An NTFP is defined as anything that’s harvested from a forest except wood for lumber; items such as wild mushrooms, tipi poles, decorative plant materials and wild berries. When Keefer first began his job, there wasn’t any NTFP harvest data available in the province, so he and his colleague Tom Hobby undertook their own survey of wild harvesters, trying to determine how much product was being removed and what it meant to the people doing the removal. The results were intriguing. “The morel pickers were pretty much unanimously against regulation, but berry pickers had a higher level of agreement that there should be some sort of regulation on their activities,” Keefer says. “Morels are not really eaten by wildlife in any appreciable amount, as they tend to be really transient in the landscape. They show up for a few years after a fire, then they are gone, whereas huckleberries and other wild berries tend to represent a long-term, dependable food source, critical to grouse, bears, and many carnivores. Huckleberries are sacred to many people as well.” Those people, such as the Ktunaxa Nation, have constitutional rights to non-timber resources.

First Nations have relied on local berry patches for thousands of years, a cultural right theoretically guaranteed through the treaty process, and as of press time, the Ktunaxa were still formalizing an official response to this latest case of commercial interests raiding their cupboard. The provincial government’s stance on the issue is reminiscent of having a fox guard a henhouse. According to Jeremy Uppenborn, a senior public affairs officer with British Columbia’s Ministry of Forests, Lands, Natural Resource Operations and Rural Development, “There are no current regulations specifically restricting commercial harvesting of huckleberries.” However, he recommends commercial harvesters remain aware of the impact that overharvesting could have on local wildlife populations, as well as general environmental, wildlife, land, and forestry legislation to avoid being faced with fines or legal action.

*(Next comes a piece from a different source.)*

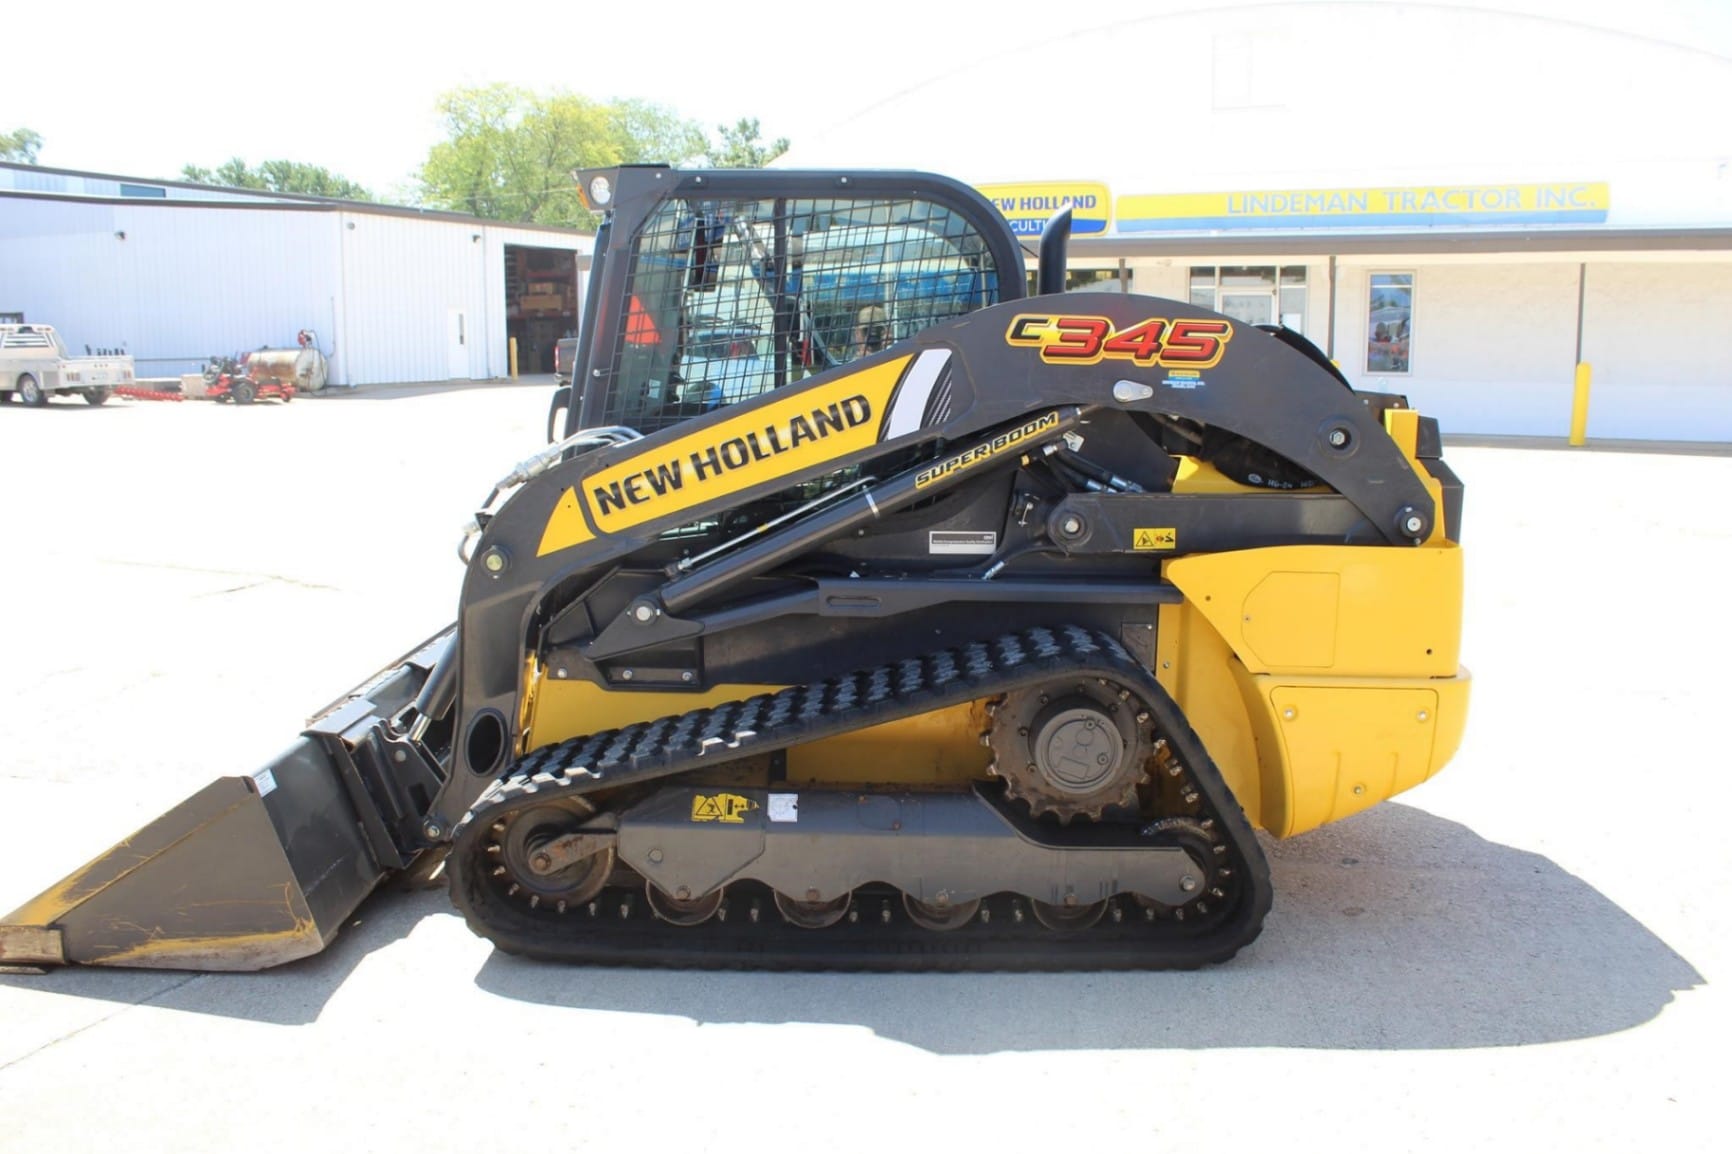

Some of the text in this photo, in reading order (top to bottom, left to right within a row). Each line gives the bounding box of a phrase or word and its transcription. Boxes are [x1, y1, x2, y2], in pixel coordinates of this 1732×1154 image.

A commercial huckleberry harvest crew was discovered south of Cranbrook, harvesting and sending hundreds of pounds of the prized wild fruit across the border to US buyers daily.

“If we want to commercialize huckleberries let’s do it, but let’s do it in our farms,” says Keefer. “A team in Idaho was one step away from commercial viability of a cultivated huckleberry bush before they lost funding. There could have been mass releases of these plants that would have done well on our marginal farmland and acidic soils.” Another consideration for huckleberry harvesting is forest management. Productive huckleberry crops often take eight to ten years to establish after a fire and can last for many decades if left alone. Planting high-density conifers across a clearcut landscape minimizes this potential.

Following up on official complaints, natural resource officers inspected the commercial pickers’ campground. They observed no contraventions of the Land Act or the Forest and Range Practices Act; however, a dangerous wildlife protection order was issued by a conservation officer under the Wildlife Act, as a result of large quantities of culled berries left to rot in and around camp, and the presence of a young grizzly bear near camp. Essentially, the province’s message to pickers in the first conflict around British Columbia’s commercial huckleberry harvest was to clean up their camp. That said, this is likely only the opening act in a clash that could pit commercial harvesters against local sustenance pickers, wildlife advocates, and treaty-backed First Nations.